Exercise brief |
Without the pictures, give every record again exactly.

Saved entries:
┌────────

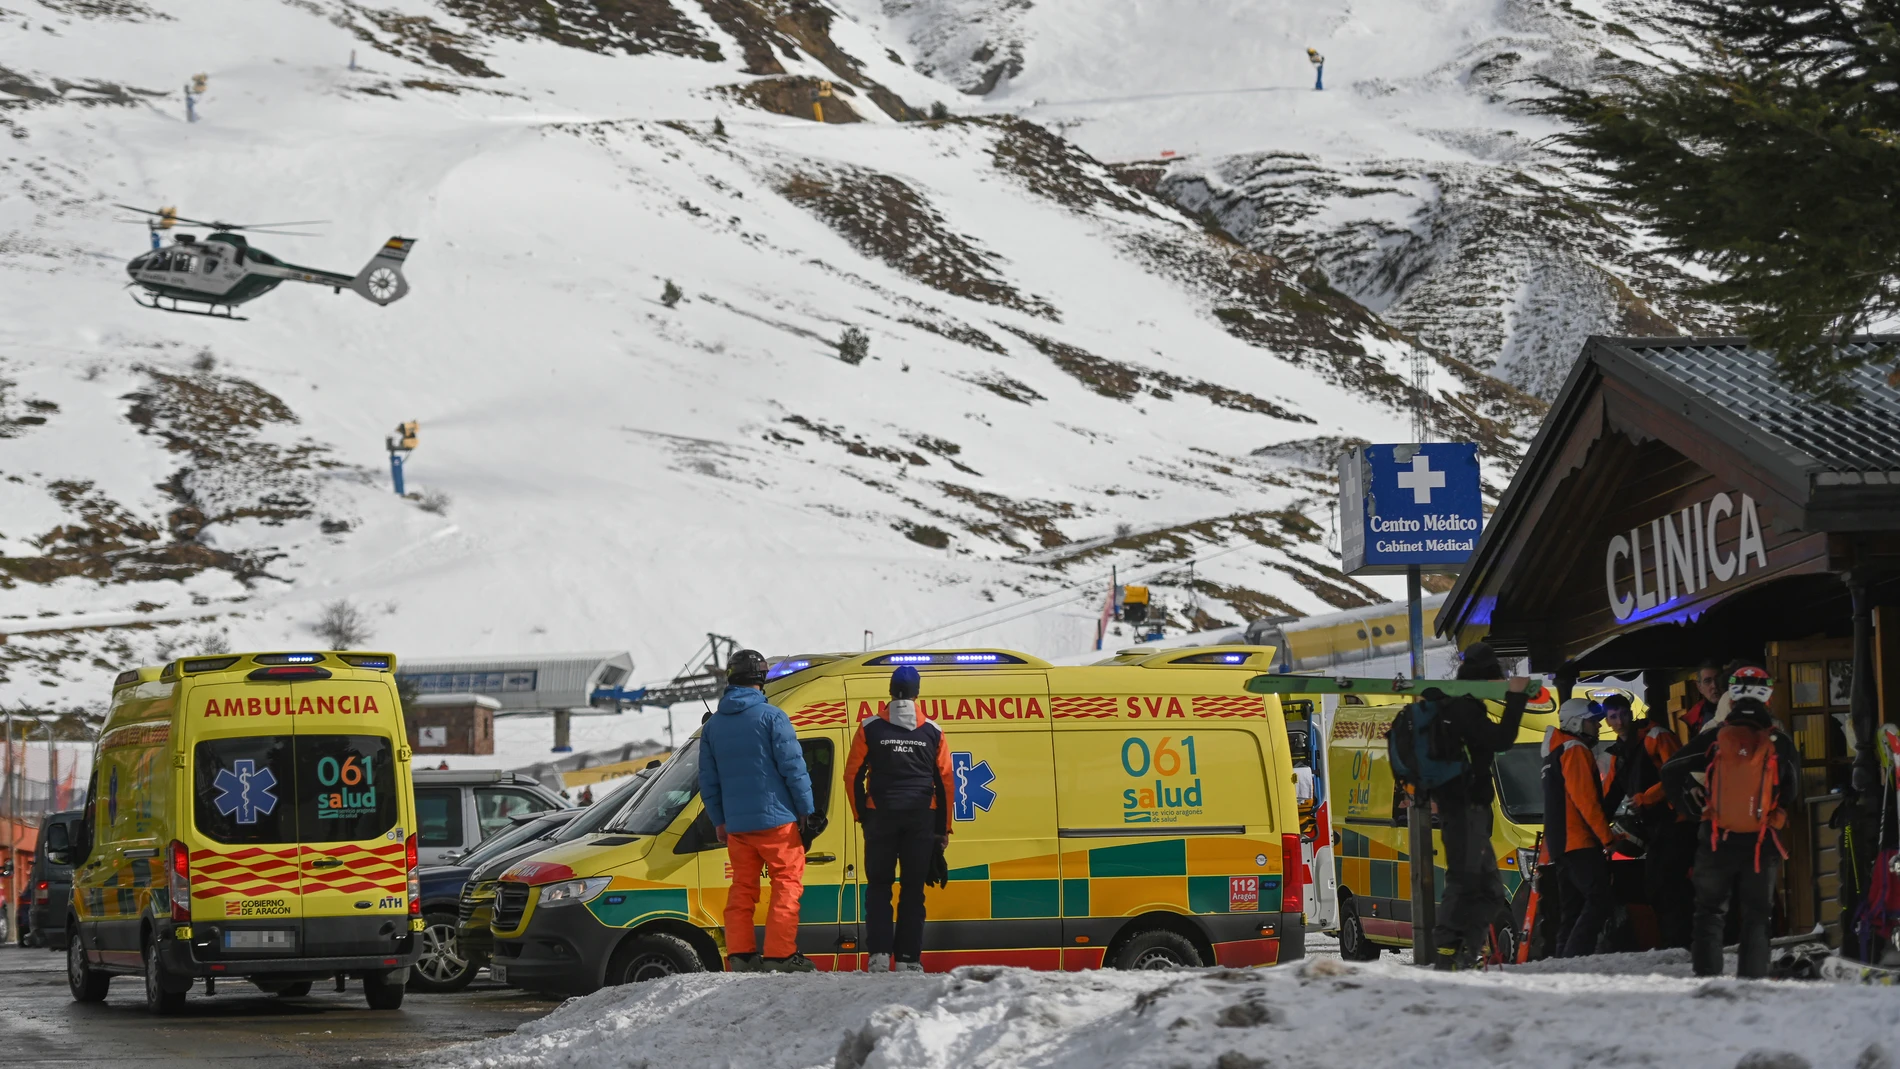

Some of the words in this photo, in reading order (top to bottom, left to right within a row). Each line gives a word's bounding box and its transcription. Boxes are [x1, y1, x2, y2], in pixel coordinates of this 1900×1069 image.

[1370, 515, 1420, 532] Centro
[1423, 513, 1477, 531] Médico
[1376, 540, 1423, 552] Cabinet
[1425, 538, 1473, 551] Médical
[1606, 492, 1767, 620] CLINICA
[204, 695, 379, 717] AMBULANCIA
[855, 697, 1045, 723] AULANCIA
[1126, 696, 1186, 719] SVA
[1359, 722, 1376, 739] SVB
[1121, 735, 1197, 778] 061
[1352, 750, 1374, 781] 061
[317, 755, 373, 787] 061
[317, 786, 376, 809] salud
[1122, 778, 1203, 810] salud
[1349, 783, 1370, 804] salud
[1231, 879, 1257, 892] 112
[241, 899, 285, 908] GOBIERNO
[378, 898, 403, 909] ATH
[1232, 892, 1257, 902] Aragón
[241, 907, 253, 916] DE

└────────

Solution |
Some of the words in this photo, in reading order (top to bottom, left to right within a row). Each line gives a word's bounding box and its transcription. Boxes are [x1, y1, x2, y2], in pixel coordinates of this 1900×1069 image.

[1370, 515, 1420, 532] Centro
[1423, 513, 1477, 531] Médico
[1376, 540, 1423, 552] Cabinet
[1425, 538, 1473, 551] Médical
[1606, 492, 1767, 620] CLINICA
[204, 695, 379, 717] AMBULANCIA
[855, 697, 1045, 723] AULANCIA
[1126, 696, 1186, 719] SVA
[1359, 722, 1376, 739] SVB
[1121, 735, 1197, 778] 061
[1352, 750, 1374, 781] 061
[317, 755, 373, 787] 061
[317, 786, 376, 809] salud
[1122, 778, 1203, 810] salud
[1349, 783, 1370, 804] salud
[1231, 879, 1257, 892] 112
[241, 899, 285, 908] GOBIERNO
[378, 898, 403, 909] ATH
[1232, 892, 1257, 902] Aragón
[241, 907, 253, 916] DE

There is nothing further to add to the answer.